HOW TO COMPLETE THIS TASK: Ignoring the images, restate the records below word for word.

DATA TO EXAMINE:
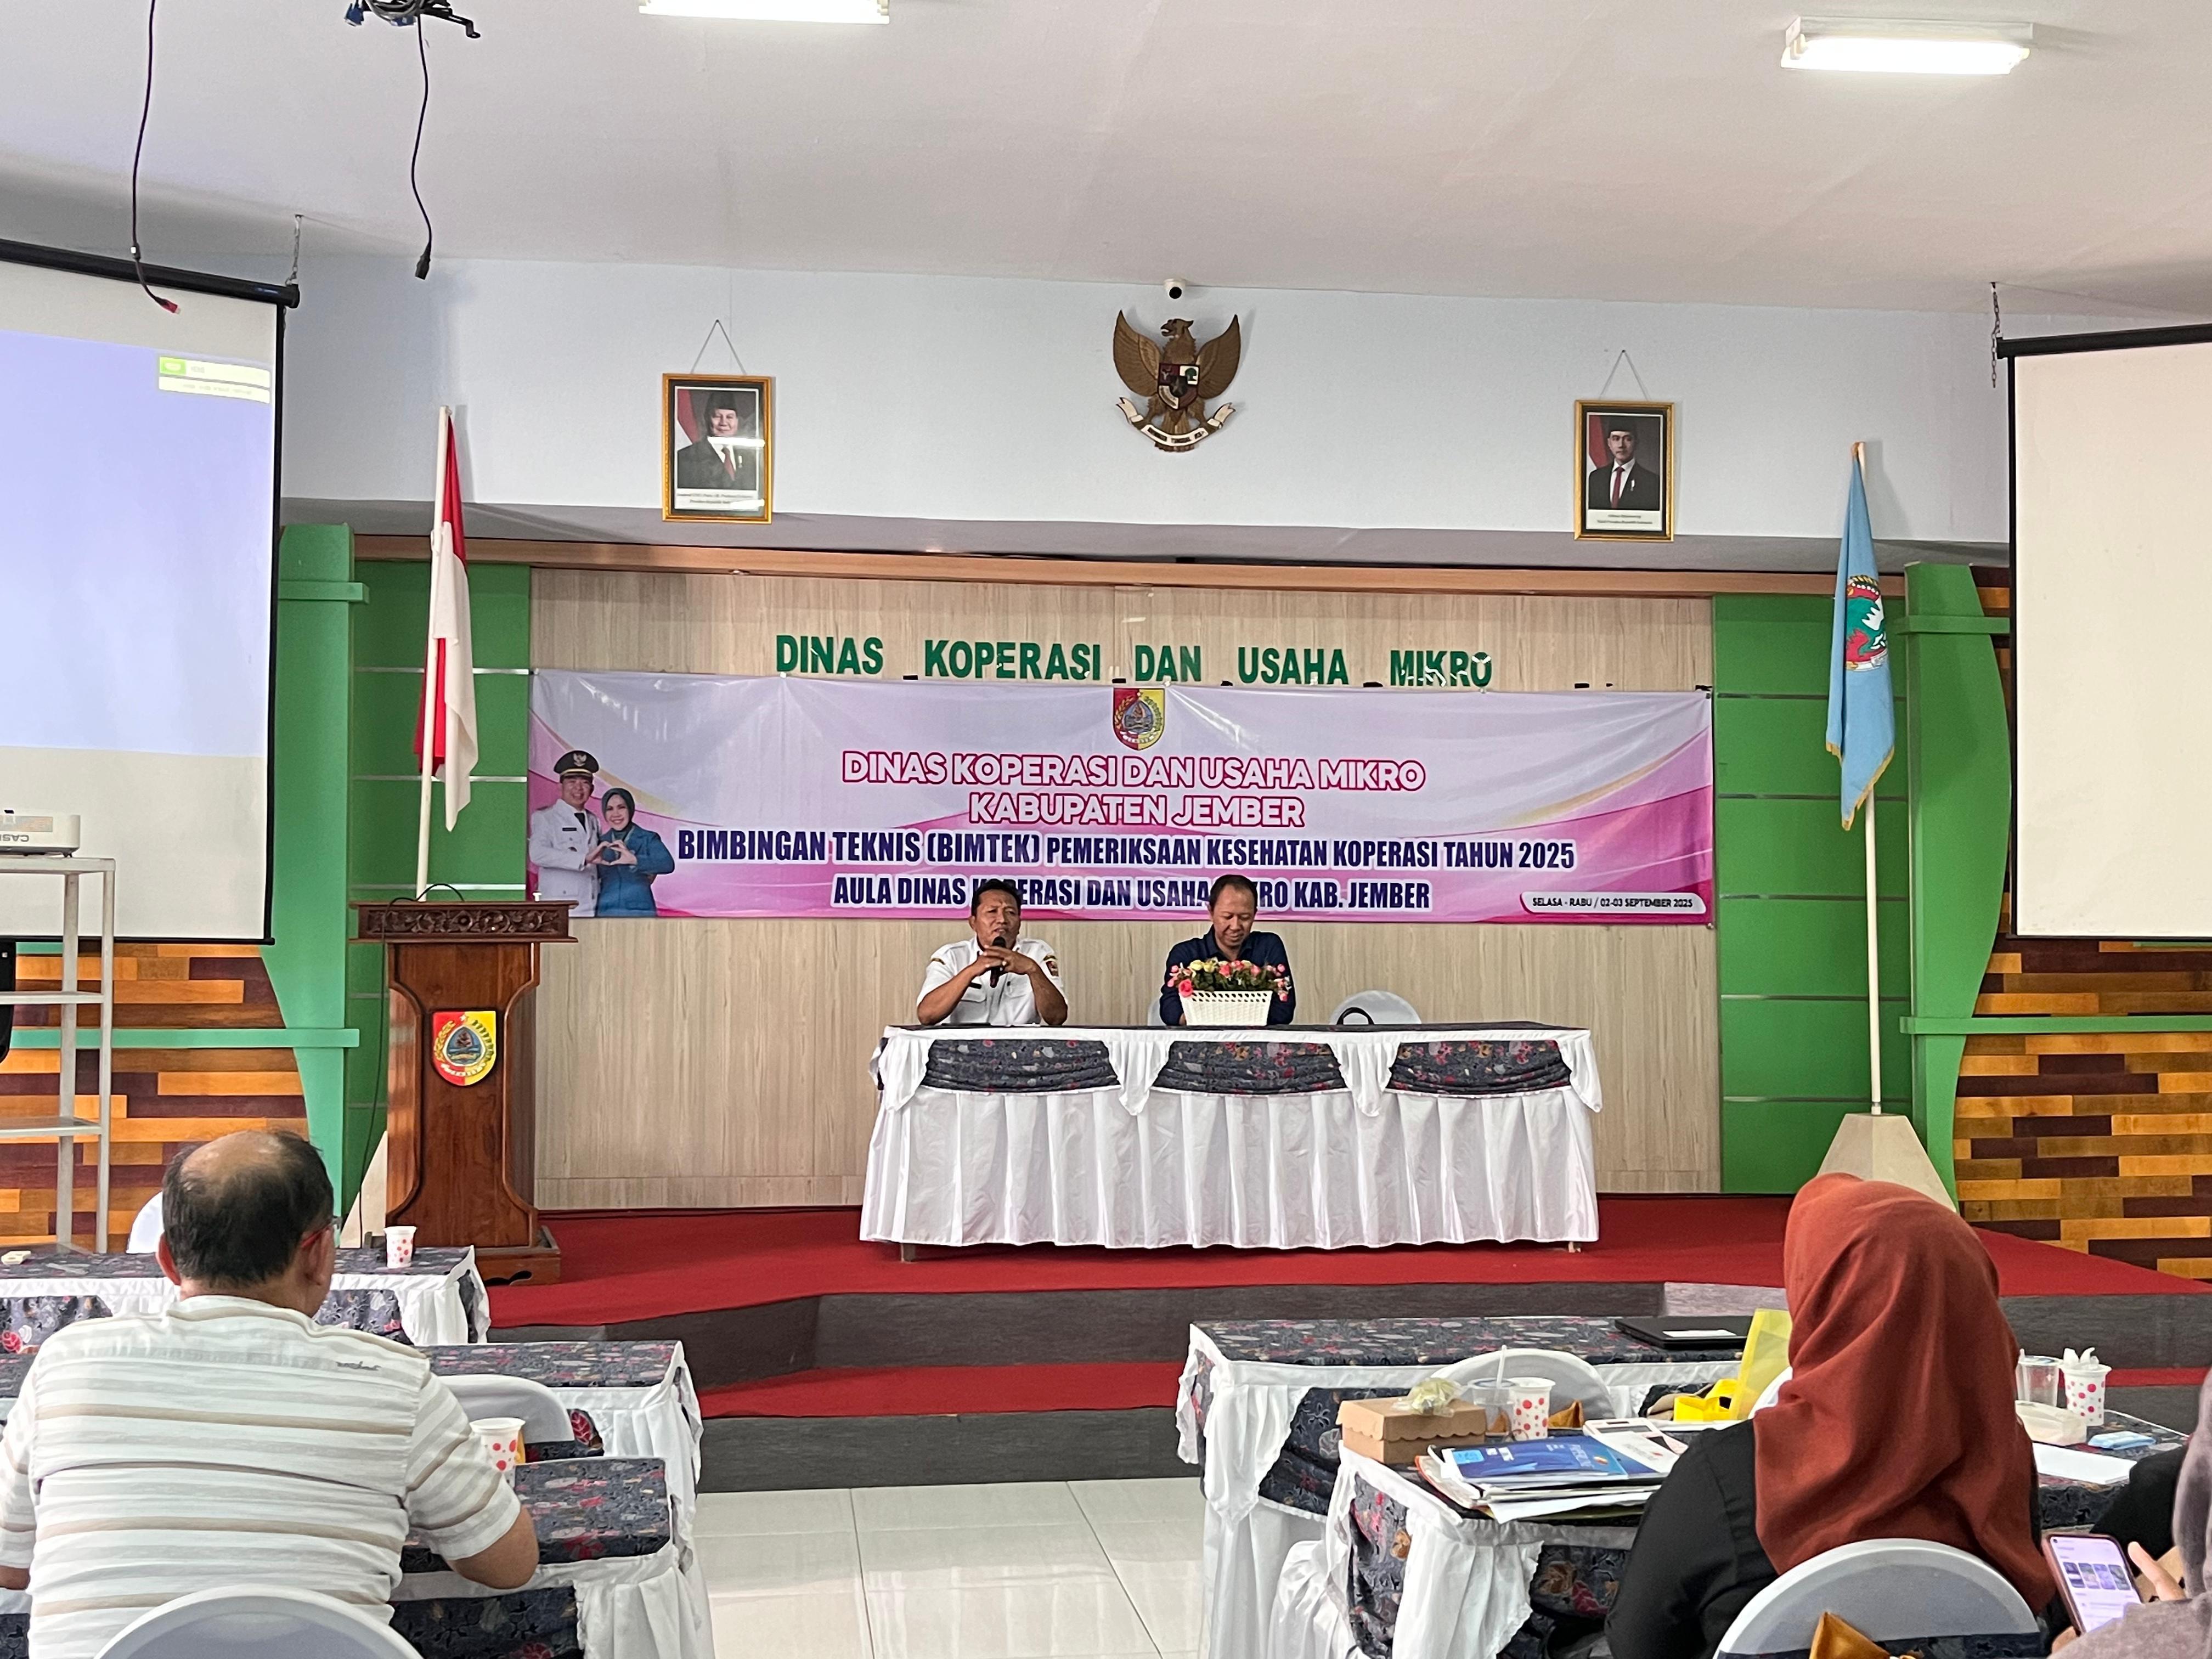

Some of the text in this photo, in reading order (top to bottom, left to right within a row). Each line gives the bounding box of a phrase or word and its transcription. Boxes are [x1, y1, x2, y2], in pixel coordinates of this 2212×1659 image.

[776, 635, 1492, 687] DINAS KOPERASI DAN USAHA MIKRO
[843, 751, 1426, 792] DINAS KOPERASI DAN USAHA MIKRO
[969, 792, 1305, 827] KABUPATEN JEMBER
[679, 830, 1574, 868] BIMBINGAN TEKNIS (BIMTEK) PEMERIKSAAN KESEHATAN KOPERASI TAHUN 2025
[834, 877, 891, 904] AULA
[898, 877, 966, 905] DINAS
[972, 878, 1080, 905] ERASI
[1087, 880, 1131, 906] DAN
[1137, 880, 1211, 907] USAHA
[1294, 882, 1343, 908] KAB.
[1348, 882, 1429, 909] JEMBER
[1533, 898, 1562, 906] SELASA
[1625, 898, 1671, 907] SEPTEMBER
[1673, 899, 1693, 907] 2025
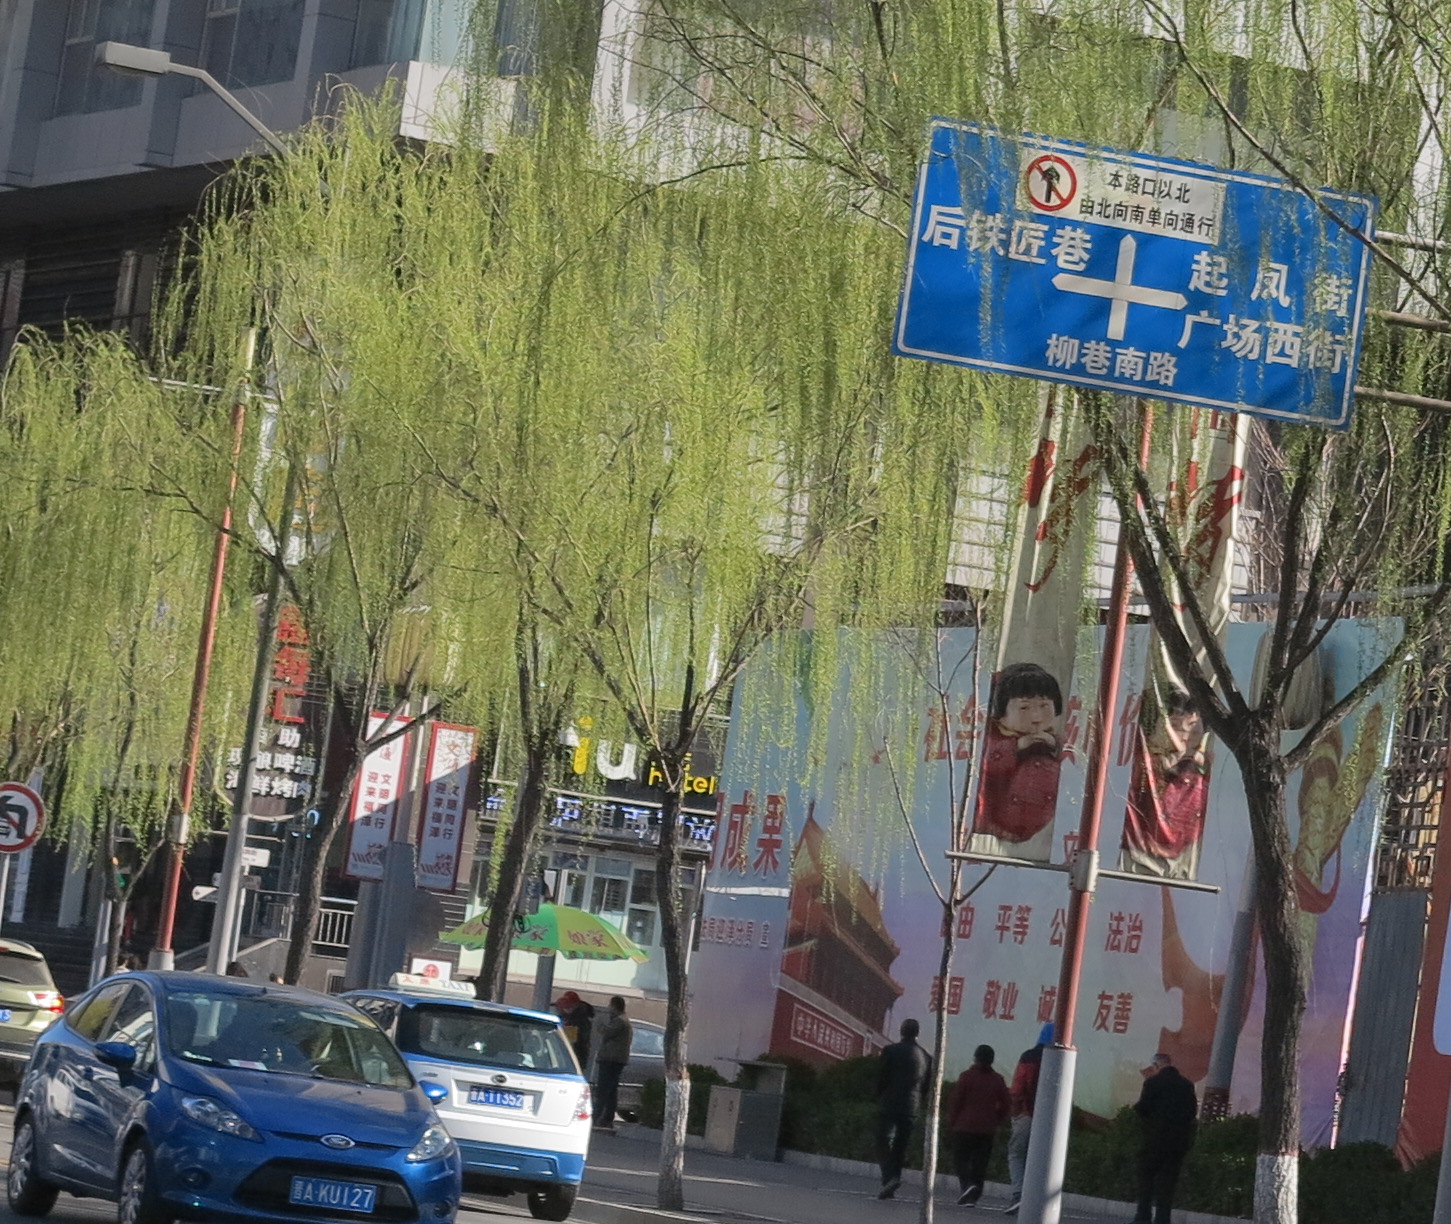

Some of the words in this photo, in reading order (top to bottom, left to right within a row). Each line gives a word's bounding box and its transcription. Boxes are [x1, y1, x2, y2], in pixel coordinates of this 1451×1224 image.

[1107, 170, 1191, 204] 本路口以北
[921, 204, 1094, 273] 后铁匠巷
[1079, 197, 1214, 237] 由北向南单向通行
[1045, 332, 1179, 388] 柳巷南路
[1177, 308, 1348, 376] 广场西街
[648, 761, 716, 795] htel
[995, 904, 1033, 945] 平等
[1105, 911, 1144, 954] 法治
[982, 979, 1019, 1022] 敬业
[1092, 990, 1135, 1035] 友善

SOLUTION TO THIS EXERCISE:
Some of the text in this photo, in reading order (top to bottom, left to right within a row). Each line gives the bounding box of a phrase or word and its transcription. Boxes are [x1, y1, x2, y2], in pixel coordinates of this 2212×1659 image.

[776, 635, 1492, 687] DINAS KOPERASI DAN USAHA MIKRO
[843, 751, 1426, 792] DINAS KOPERASI DAN USAHA MIKRO
[969, 792, 1305, 827] KABUPATEN JEMBER
[679, 830, 1574, 868] BIMBINGAN TEKNIS (BIMTEK) PEMERIKSAAN KESEHATAN KOPERASI TAHUN 2025
[834, 877, 891, 904] AULA
[898, 877, 966, 905] DINAS
[972, 878, 1080, 905] ERASI
[1087, 880, 1131, 906] DAN
[1137, 880, 1211, 907] USAHA
[1294, 882, 1343, 908] KAB.
[1348, 882, 1429, 909] JEMBER
[1533, 898, 1562, 906] SELASA
[1625, 898, 1671, 907] SEPTEMBER
[1673, 899, 1693, 907] 2025

Some of the words in this photo, in reading order (top to bottom, left to right within a row). Each line gives a word's bounding box and its transcription. Boxes are [x1, y1, x2, y2], in pixel coordinates of this 1451×1224 image.

[1107, 170, 1191, 204] 本路口以北
[921, 204, 1094, 273] 后铁匠巷
[1079, 197, 1214, 237] 由北向南单向通行
[1045, 332, 1179, 388] 柳巷南路
[1177, 308, 1348, 376] 广场西街
[648, 761, 716, 795] htel
[995, 904, 1033, 945] 平等
[1105, 911, 1144, 954] 法治
[982, 979, 1019, 1022] 敬业
[1092, 990, 1135, 1035] 友善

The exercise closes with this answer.